Nem todo bom suspense precisa de elenco de renome, rostos conhecidos ou grande orçamento para garantir um bocado de efeito especial. Qualquer filme só precisa de uma boa história, e que esta seja bem executada. Daí de vez em quando nós, meros espectadores, nos surpreendermos com filmes de baixo orçamento (se comparado com o padrão Hollywood) ou sem (muita) gente conhecida e que acabam sendo bem bons, como ‘A Queda’, suspense que a Paris Filmes está trazendo para os cinemas brasileiros a partir dessa semana.

Becky (Grace Caroline Currey), Shiloh Hunter (Virginia Gardner) e Dan (Mason Gooding) são três amigos que curtem muito escalar nas alturas. Becky e Dan são casados, e neste momento estão escalando um paredão com Hunter quando, por um descuido, Dan acaba ficando pendurado em um precipício. Desesperados com a tensão e sem tempo para reagir, Dan acaba falecendo neste acidente, o que abala a vida das duas amigas por um ano inteiro. Então Hunter – a pedido do pai de Becky, James (Jeffrey Dean Morgan) – decide que é hora de dar um basta no luto da amiga e a convida a escalar a B-57, a torre de rádio mais alta dos Estados Unidos. Munidas de coragem aventuresca, o que as duas não podiam imaginar é que a torre, em si, traria muitos outros perigos para elas.

Com 1h47 de duração (o tempo mediano de um filme), ‘A Queda’ é um filme difícil de assistir, tendo o espectador medo de altura ou não.
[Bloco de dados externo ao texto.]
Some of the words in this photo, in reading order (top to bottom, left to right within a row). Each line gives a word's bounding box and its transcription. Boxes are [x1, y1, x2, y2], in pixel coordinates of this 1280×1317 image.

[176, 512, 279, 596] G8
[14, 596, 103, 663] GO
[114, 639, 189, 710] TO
A própria angulação da câmera causa diversas sensações em quem está assistindo, mesmo sem necessariamente empregar efeitos 3D. Mérito da sintonia do roteirista Jonathan Frank com o diretor Scott Mann, que também assina o roteiro, em consonância com as boas atuações das duas atrizes principais, que garantem o envolvimento e a tensão da situação do início ao fim.

Surpreendente, ‘A Queda’ é um ótimo e despretensioso filme para quem curte histórias tensas de roer as unhas.